冷蔵庫に時間をとられ、昼飯を喰うのを忘れていた事に気がついた。もう三時近くになっている。佐々木晴男は冷蔵庫から放り出され、畳に並べられたままの食材を眺めた。しゃがみこみ、冷や飯を電子レンジで温める。卵を二つとも割り入れ醤油を垂らし、かき混ぜて、しゃがんだまま喰った。
牛乳もオレンジジュースも、紙パックの底に僅かに残っていただけだったので、順番に飲み干す。乳臭さとオレンジの酸味が混ざり合い、不味かったが、唇の縁を手の甲で拭いながら、佐々木晴男は満足していた。
これでしばらく冷蔵庫がなくても大丈夫だろう。
冷蔵庫を何時買うべきか、何処で買うべきか、そもそも冷蔵庫を買うべきなのかなど、考えたくもない。牧夫は置いていきたいものがあれば置いていけばいいし、父親は持ち去りたいものがあれば持って行けばいい。
佐々木晴男は生卵のこびり付いた茶碗と箸を洗う。ぬめりのある茶碗の内側を指で擦りながら、考えたくもないのに考えてしまうのは、やはり奪われた冷蔵庫の事だった。冷蔵庫などなくても生きていける。冷蔵庫など俺には必要ない。冷蔵庫冷蔵庫冷蔵庫。
冷蔵庫とはいったい、なんなのだ?
しかし佐々木晴男は[おこづかい帳]がまだ途中であったことを思い出す。
濡れた手を、流しの引き戸にかけてある手ぬぐいで拭き、冷蔵庫を運んだせいでこわばっている肩をまわす。

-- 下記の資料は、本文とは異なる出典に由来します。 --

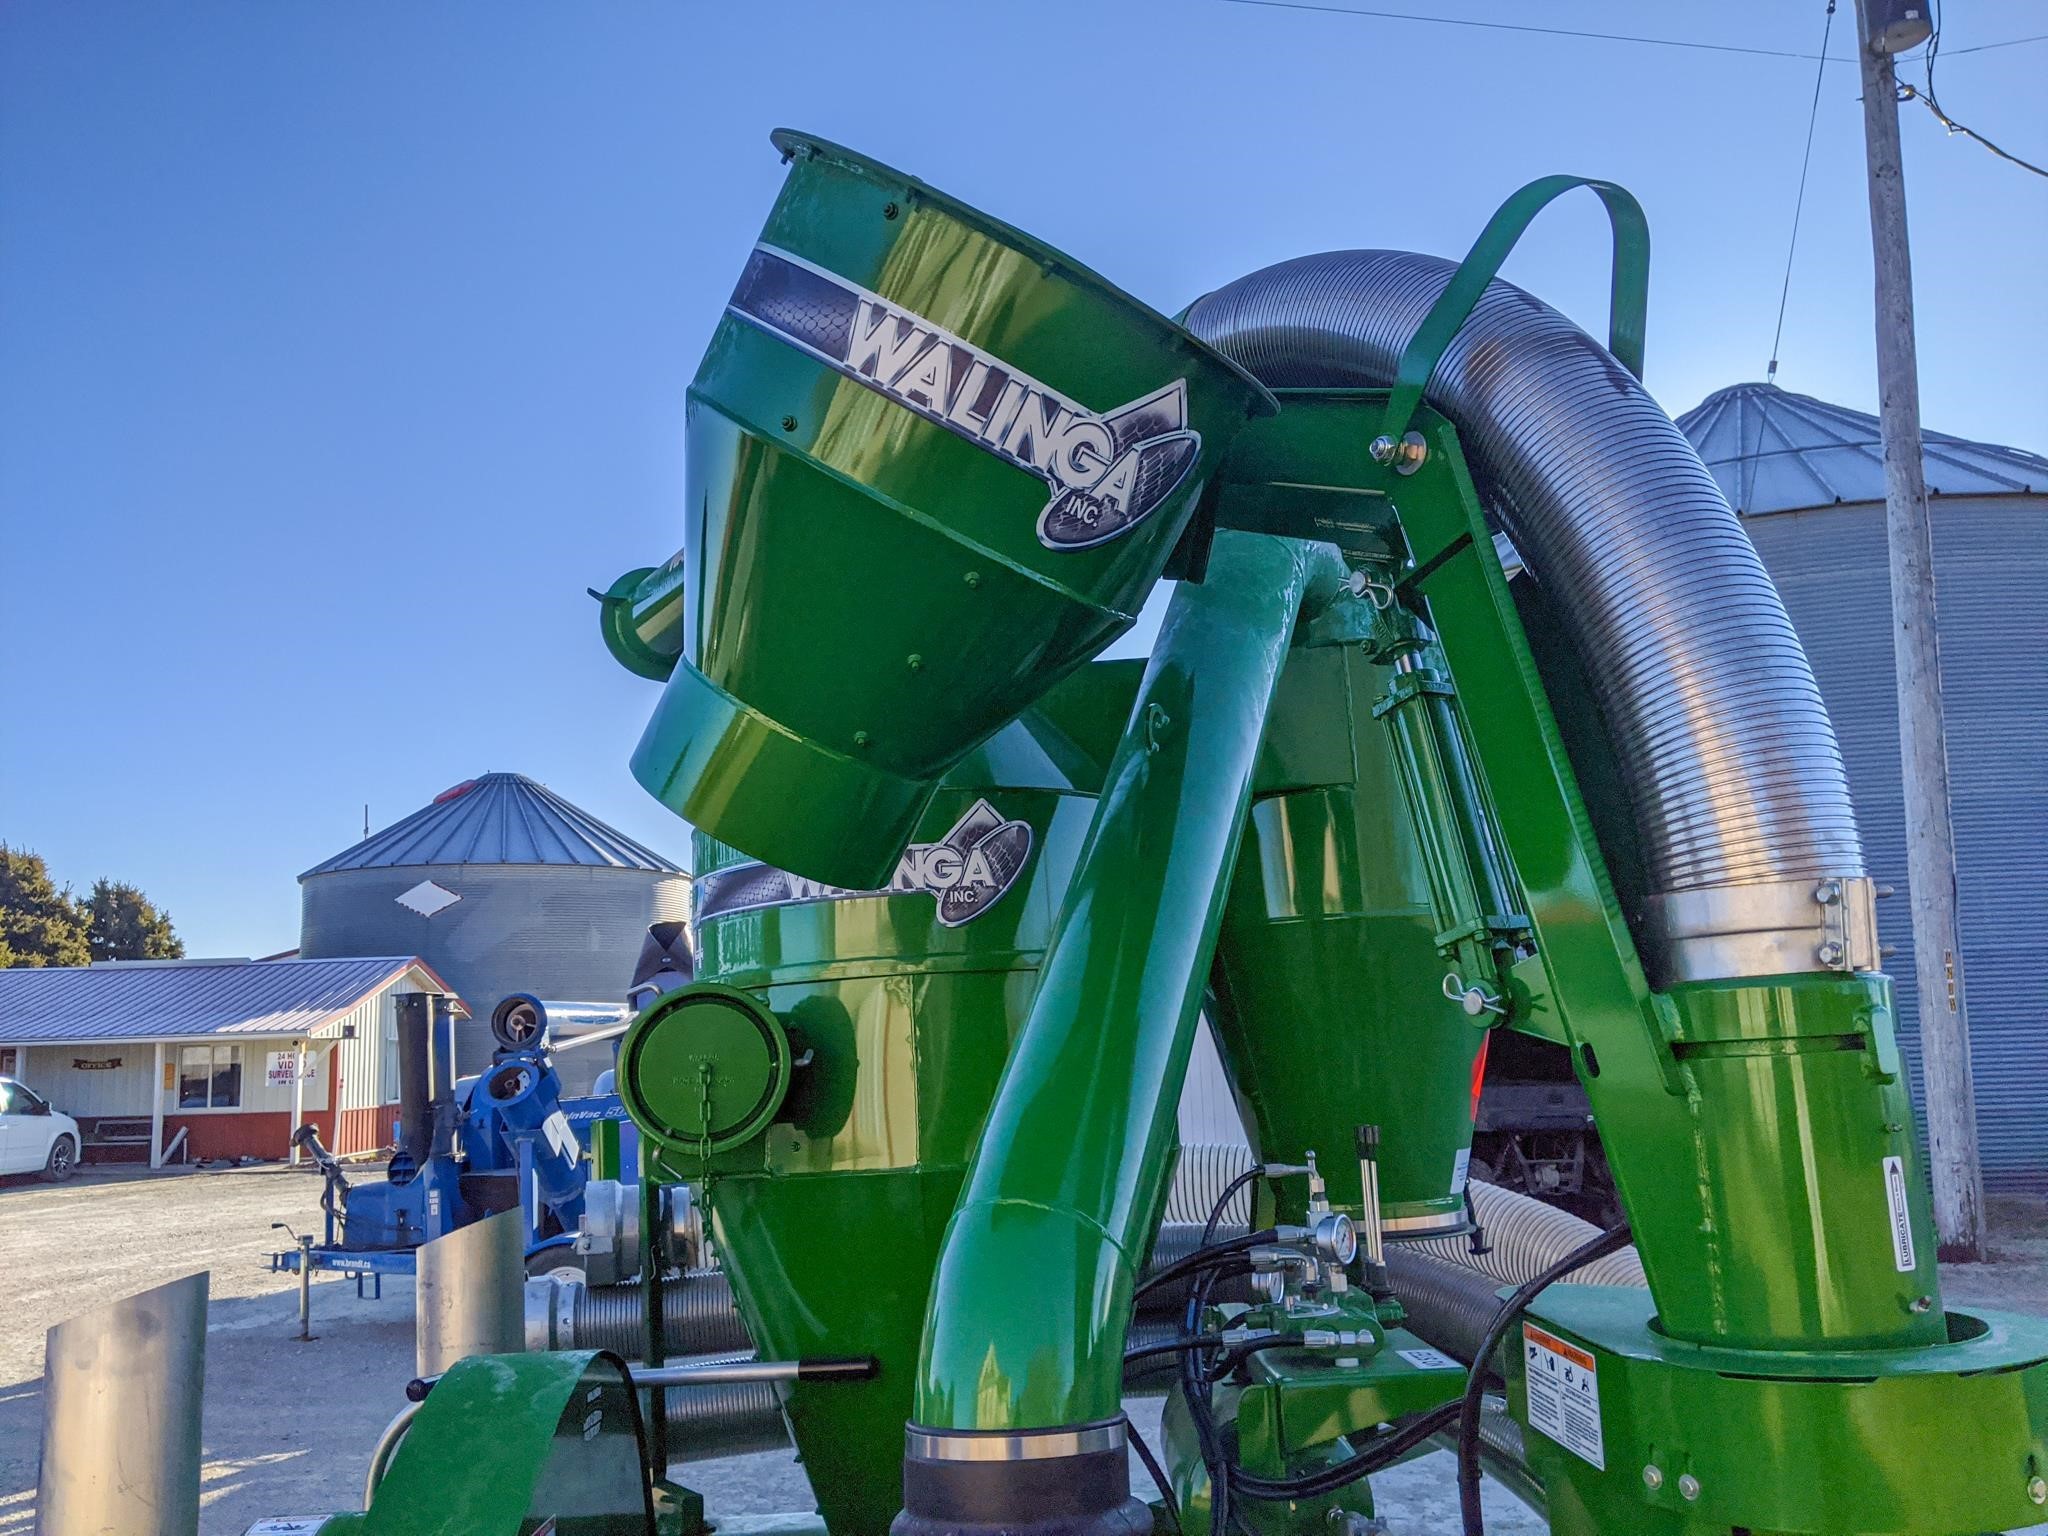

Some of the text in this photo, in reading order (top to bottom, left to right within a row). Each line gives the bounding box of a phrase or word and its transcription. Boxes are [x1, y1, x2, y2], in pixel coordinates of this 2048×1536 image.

[846, 299, 1141, 516] WALINGA
[1066, 497, 1099, 528] INC.
[949, 890, 978, 903] INC.
[1898, 1212, 1910, 1263] LUBRICATE

腕を交互に揉みながら、開かれて放置されたままだった大学ノートの前に座る。
読み取れなかった定食屋のレシートも、今度は正確に把握する事が出来た。
晩飯・生姜焼き定食(ほのか亭)580
数字と文字を書き込んでいくうちに、黒い冷蔵庫も、今にも折れそうだった父親の腕も、せわしなく瞬き、充血していた白目も、全ての残影は消えていく。黒い雲が月を覆い隠すように、ゆっくりと、佐々木晴男の頭の中から消し去られていく。そして目の前に並ぶ数字と文字の、美しい配列だけが瞳に焼きつく。
シャンプー(ドラッグ一番)276
最後のレシートに記載された内容を書き終えた。レシートをまとめ、クリップで留め、膨らんだ封筒の中に重ねる。
昨日という一日が、正しく、佐々木晴男の中で完結した。
昨日は終わった。もう二度と、やってこない。スーパーとドラッグストアと定食屋と六畳一間を行き来した一日は、終わった。

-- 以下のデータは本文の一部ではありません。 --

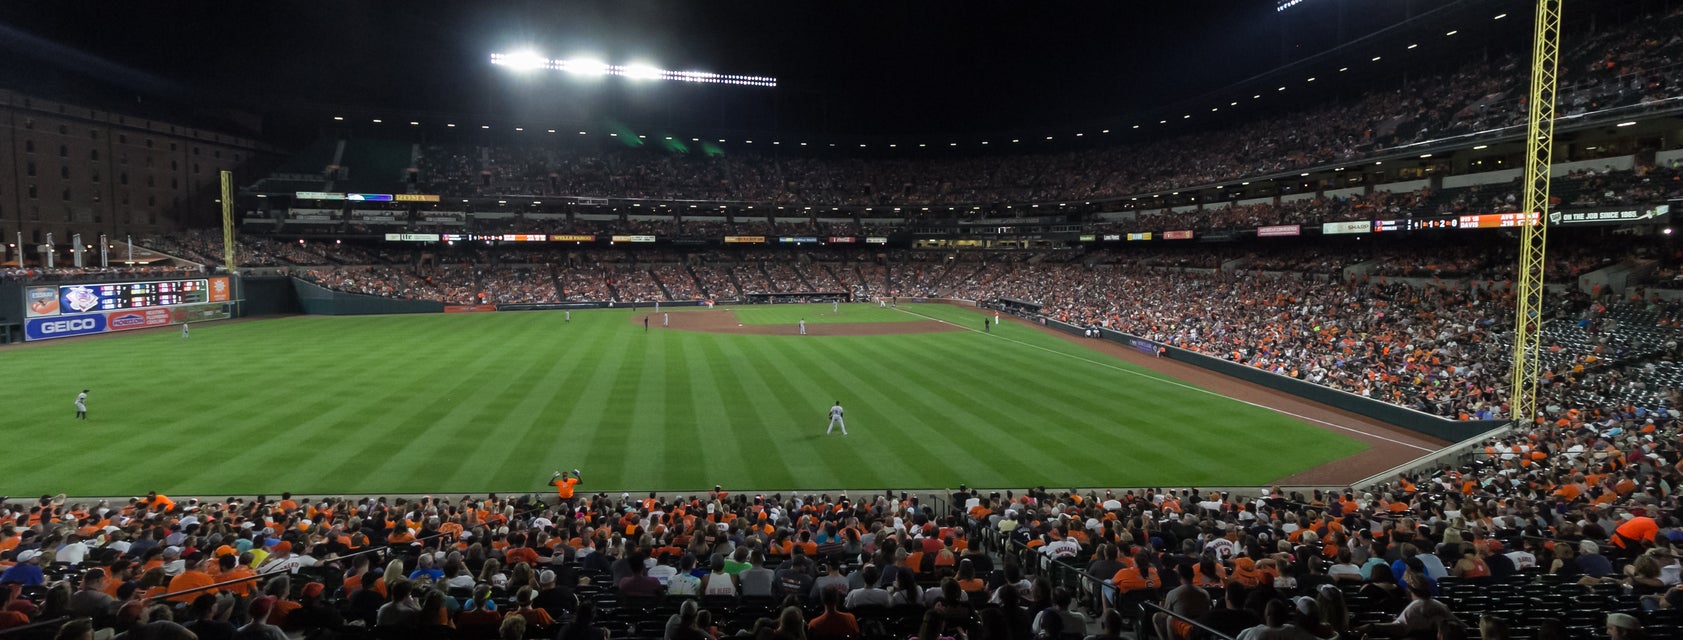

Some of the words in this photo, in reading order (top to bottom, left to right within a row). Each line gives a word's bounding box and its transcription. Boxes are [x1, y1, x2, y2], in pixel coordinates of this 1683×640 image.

[1599, 211, 1619, 219] SINCE
[1439, 219, 1446, 228] 2
[41, 318, 96, 334] GEICO

丁寧に、九十一万と少しの残高を記入し、[おこづかい帳]を閉じる前にもう一度眺める。
乱れはない。間違いもない。そう確認してノートを閉じた。封筒にしまい、レシートの入った封筒と共に、カラーボックスの一番上の段に重ね入れ、赤と黒のボールペンと電卓も収めた。
時刻は四時になろうとしていたが、五月の陽光に傾く気配はない。日課は済ませたし、自慰も終えてしまったし、昼寝もしてしまった佐々木晴男には、やるべきことはなにもなかった。それが佐々木晴男の望みでもあった。
にもかかわらず、今日に限って佐々木晴男の部屋のドアは、三度、ノックされた。日曜日だからといってこんな日は滅多にない。
佐々木晴男は慣れない事に少し身構える。もしやまた父親か。今度は電子レンジをよこせとでも言うのか。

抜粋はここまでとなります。